It would be a mistake for employers to reduce compliance efforts because of the Obama Administration’s return to the primacy of administrative civil sanctions as an enforcement tool of choice. The April 30, 2009 ICE Office of Investigations Worksite Enforcement Strategy memorandum reemphasized that the agency’s worksite enforcement operations, including the criminal prosecution of noncompliant employers, the removal of an unauthorized workforce and the debarment of government contractors, would remain significant deterrence options. Nevertheless, the ICE Worksite Enforcement strategy memorandum emphasizes that administrative I-9 inspections remain the agency’s primary enforcement tool and will support later criminal investigations and prosecutions.

How an employer fills out a one page I-9 form could result in Homeland Security's seizure of a business.

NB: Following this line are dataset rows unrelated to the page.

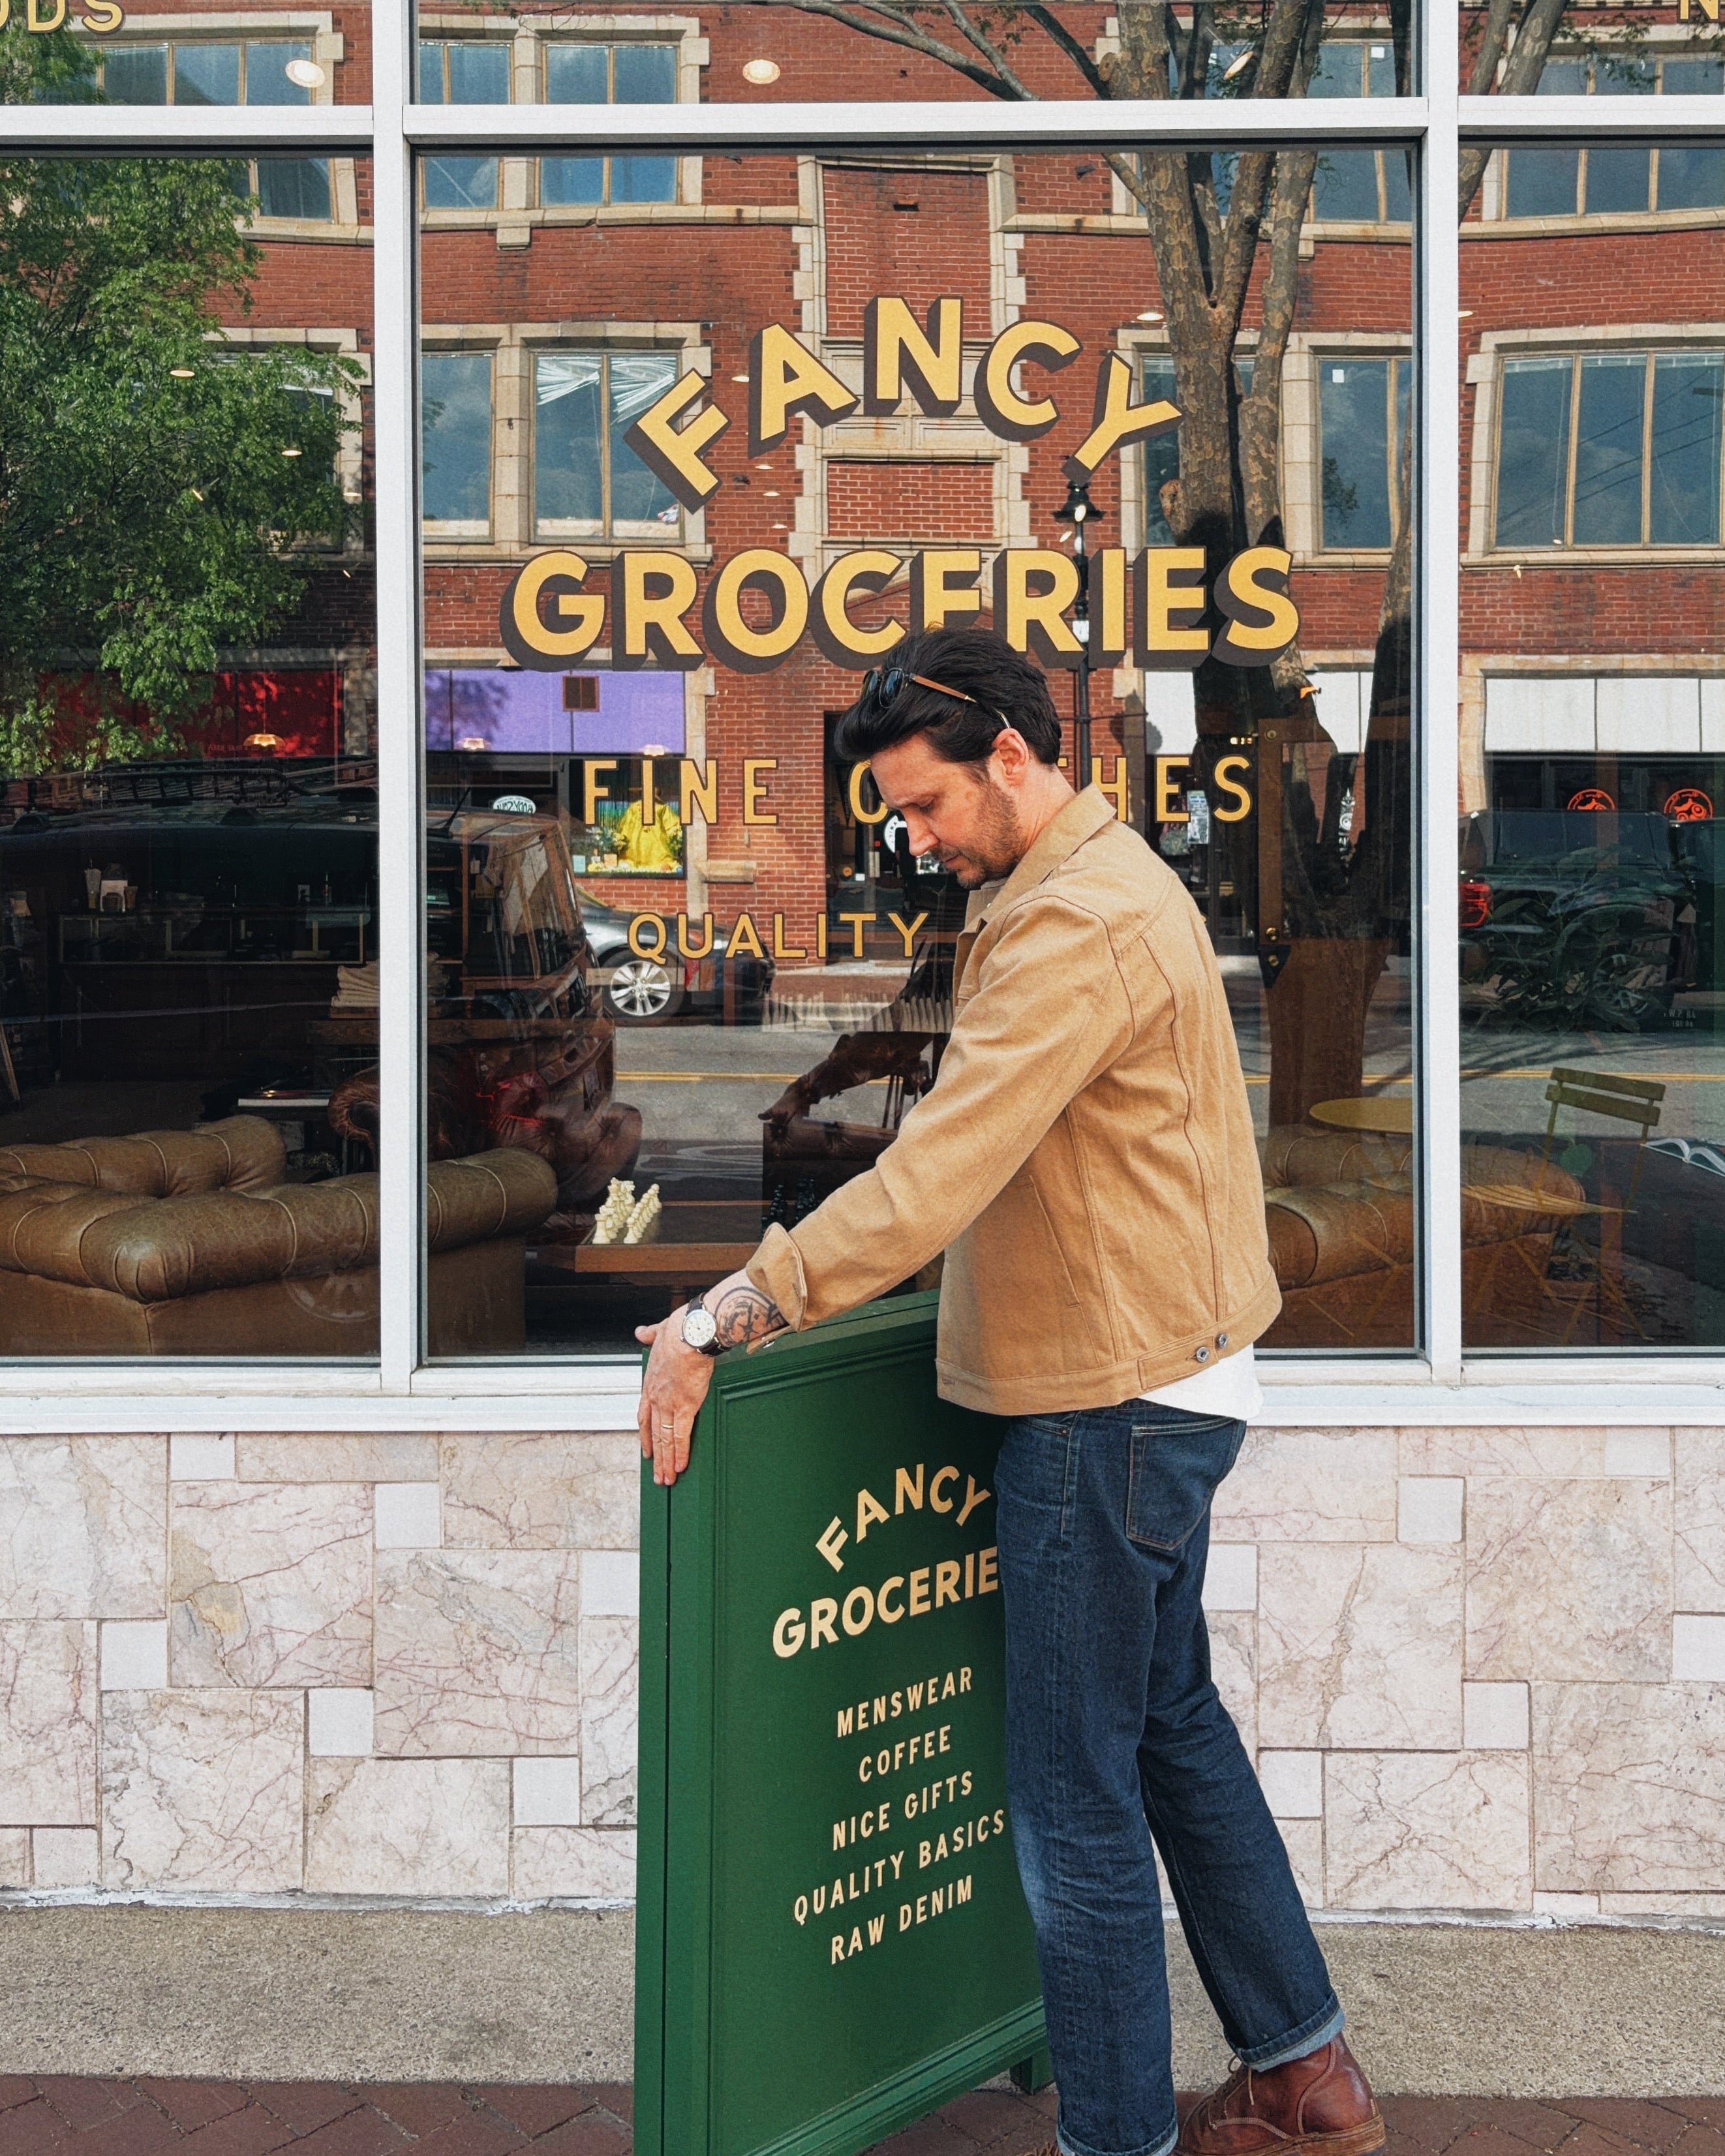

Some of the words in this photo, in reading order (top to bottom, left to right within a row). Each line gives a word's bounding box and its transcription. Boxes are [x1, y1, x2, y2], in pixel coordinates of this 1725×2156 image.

[624, 296, 1183, 514] FANCY
[499, 546, 1300, 673] GROCERIES
[584, 758, 779, 826] FINE
[627, 912, 930, 965] QUALITY
[815, 1463, 991, 1572] FANCY
[772, 1546, 998, 1659] GROCERIE
[837, 1667, 972, 1738] MENSWEAR
[859, 1725, 951, 1782] COFFEE
[832, 1802, 890, 1851] NICE
[904, 1771, 973, 1819] GIFTS
[793, 1851, 905, 1926] QUALITY
[919, 1810, 1004, 1869] BASICS
[831, 1915, 885, 1965] RAW
[900, 1875, 972, 1932] DENIM
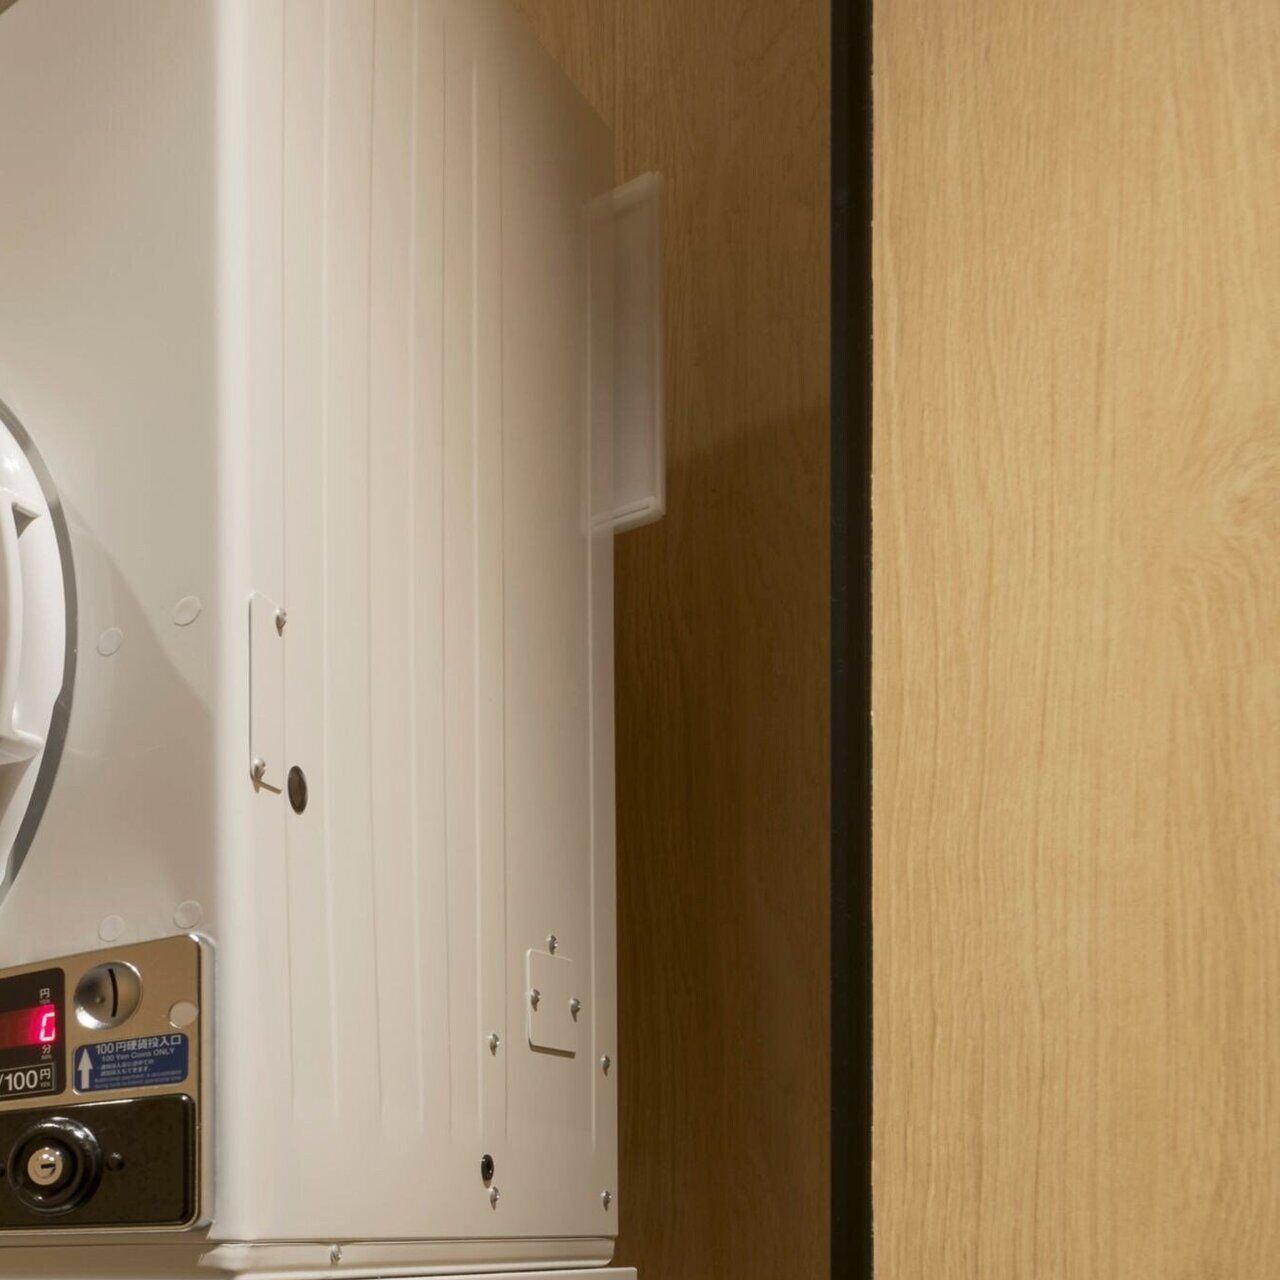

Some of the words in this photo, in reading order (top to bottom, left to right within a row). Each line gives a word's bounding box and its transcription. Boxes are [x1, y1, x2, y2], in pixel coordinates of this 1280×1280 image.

[40, 987, 50, 999] 円
[42, 1044, 51, 1054] 分
[153, 1048, 175, 1057] ONLY
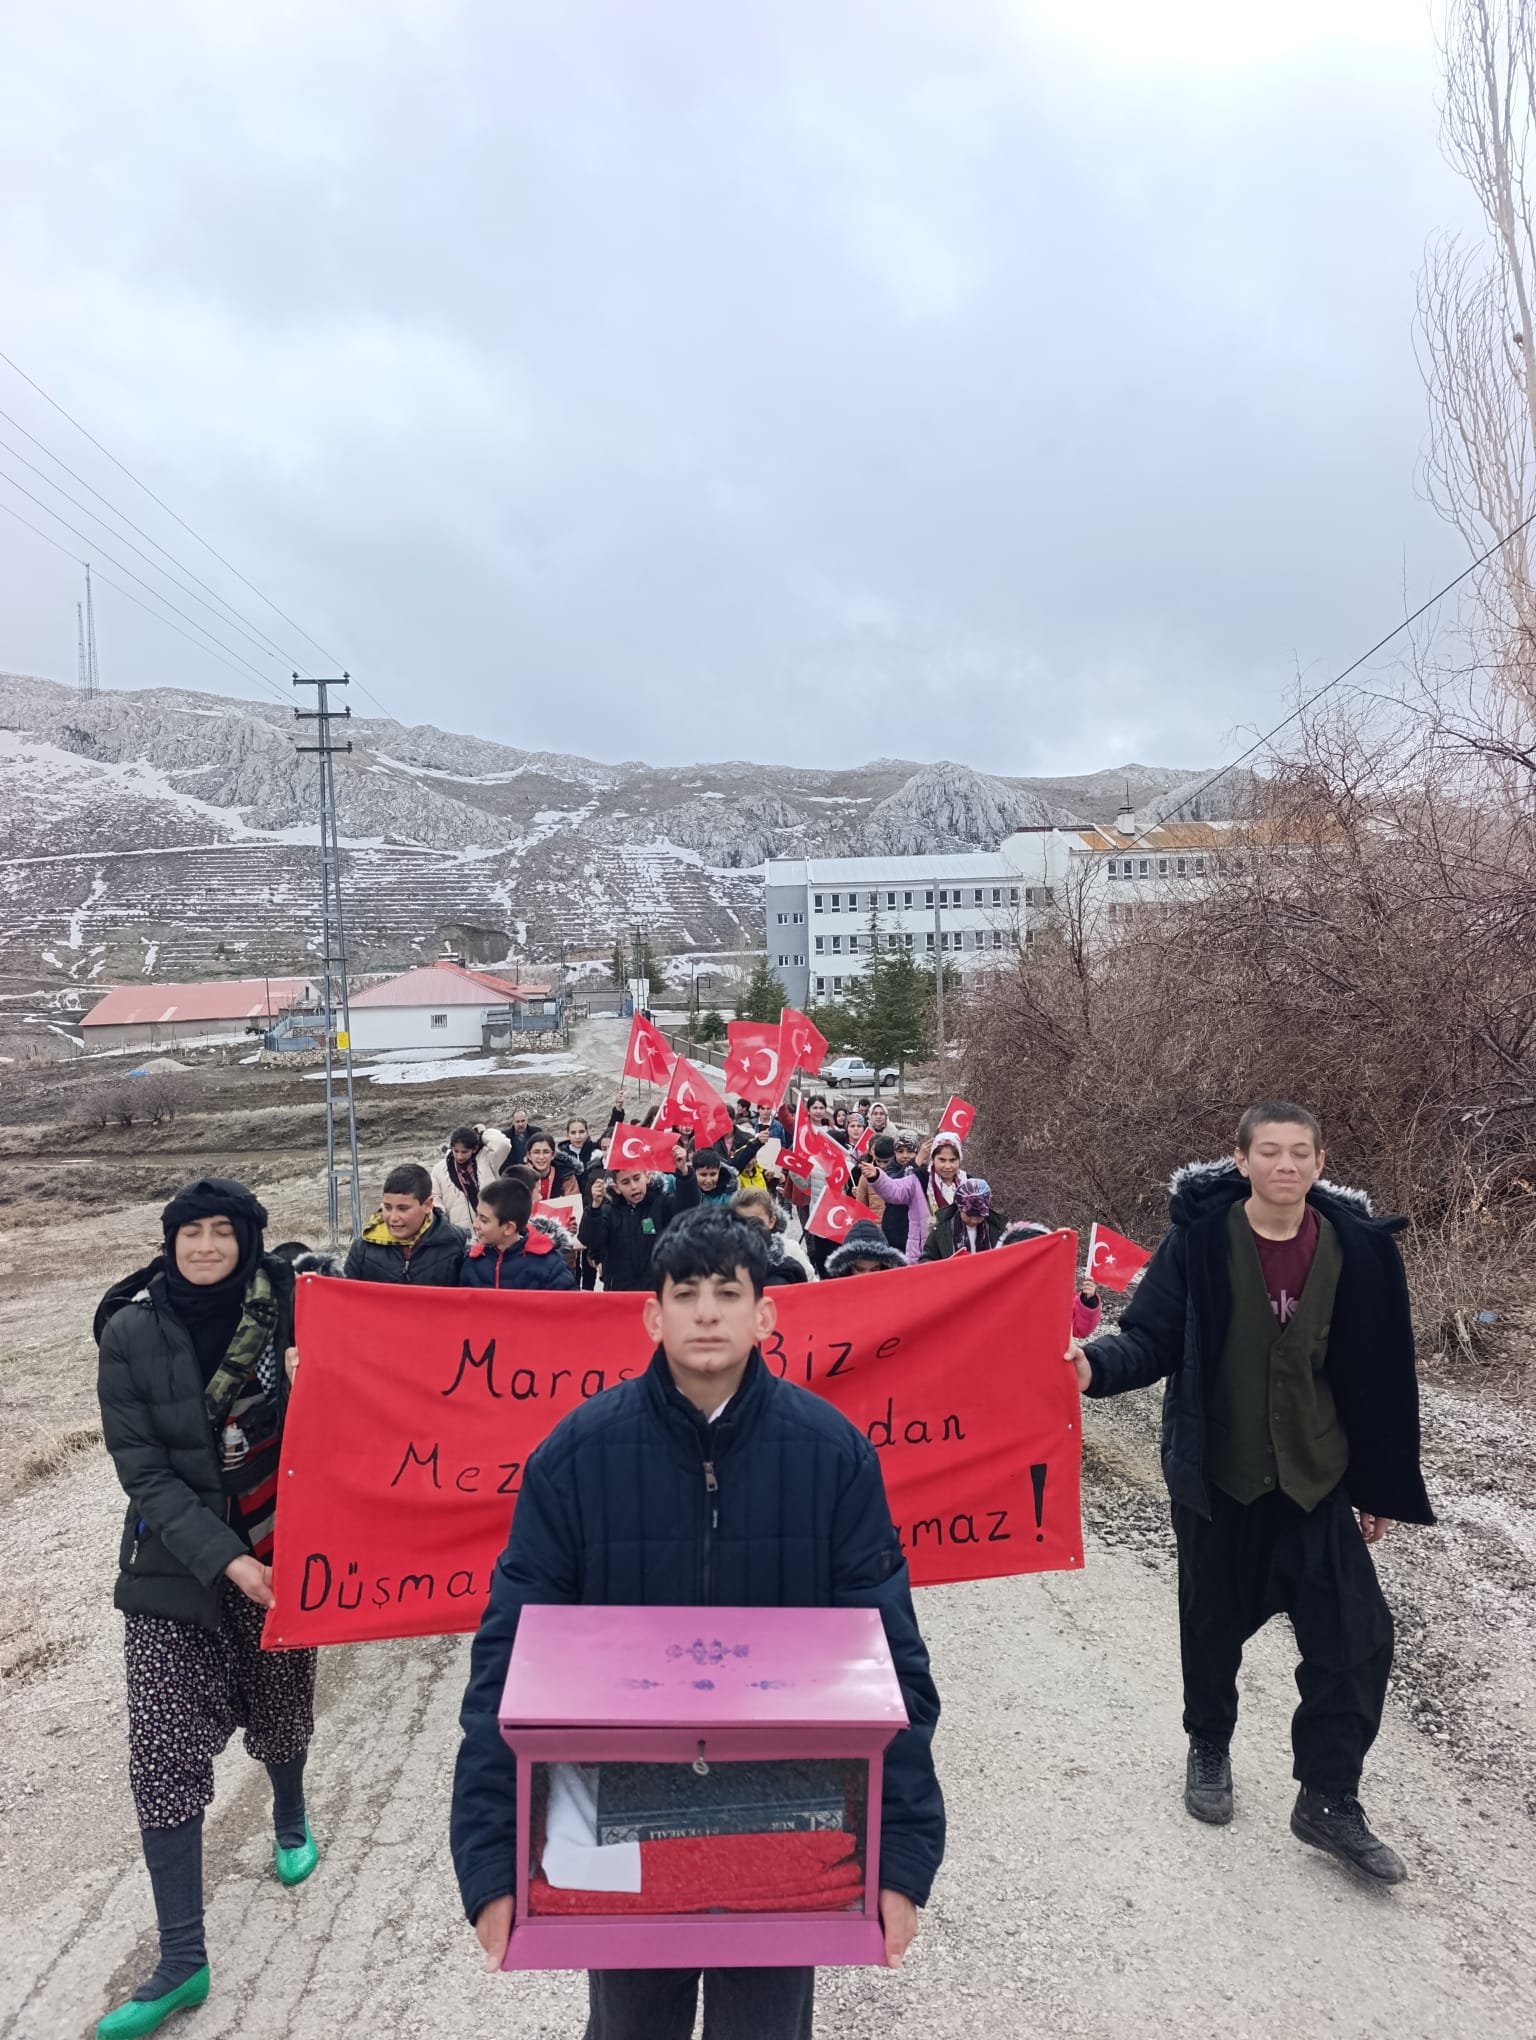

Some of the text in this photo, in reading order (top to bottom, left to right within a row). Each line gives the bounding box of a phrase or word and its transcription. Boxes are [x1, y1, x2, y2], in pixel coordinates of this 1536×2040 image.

[758, 1330, 900, 1382] Bize
[300, 1463, 1047, 1611] Düşma maz!

Small business owners and large corporations now have reason to dread the Immigration and Customs Enforcement (ICE) ramp up of its I-9 administrative inspections which come with administrative subpoenas that ask for payroll and other government agency records.

While employers are required to verify the identity and work eligibility of all employees, including U.S. citizens, on Form I-9, they also have the duty to refuse to employ a person whose authorization and/or identity documents are unacceptable.

Informer tips and related worksite investigations throughout the United States have provided ICE with information regarding questionable employment practices of thousands of employers. In addition to administrative civil fines, targeted employers also faced criminal charges with potential seizure and forfeiture of company and personal assets. Companies are in federal courts across the United States facing felony criminal charges with potential prison terms, fines and forfeiture of assets.

Many criminal acts covered under the U.S. Code are subject to seizure and forfeiture of all property which has been or is currently being used in the commission of the violation. This includes harboring of unauthorized aliens, money laundering, visa and document fraud, and the knowing hire of 10 or more unauthorized aliens. The property that is subject to seizure and forfeiture includes boats, vehicles, aircraft, bank accounts and other traceable assets.

How to Upgrade the Immigration Compliance Program

One of the most effective compliance techniques is to conduct an internal evaluation of the existing compliance program. The advantages to doing this are that once a company has answered the questions that help evaluate the program including the strengths and, yes, the weaknesses, of existing efforts will be revealed. It is recommended that this be done in advance of the decision to join the E-Verify or IMAGE programs, or before a private external audit. This will allow the company’s compliance staff to learn about the latest compliance techniques, and it will save the company future expense.

The employer’s existing compliance program should be evaluated both for its policies and how those policies are implemented into compliance program procedures. Written compliance manuals and training programs should be assessed to determine whether the company’s IRCA Form I-9 verification and retention, anti-discrimination, no-match letter, contractor liability, and FAR (E-Verify) government contractor policies are up-to-date and reflected in current compliance procedures.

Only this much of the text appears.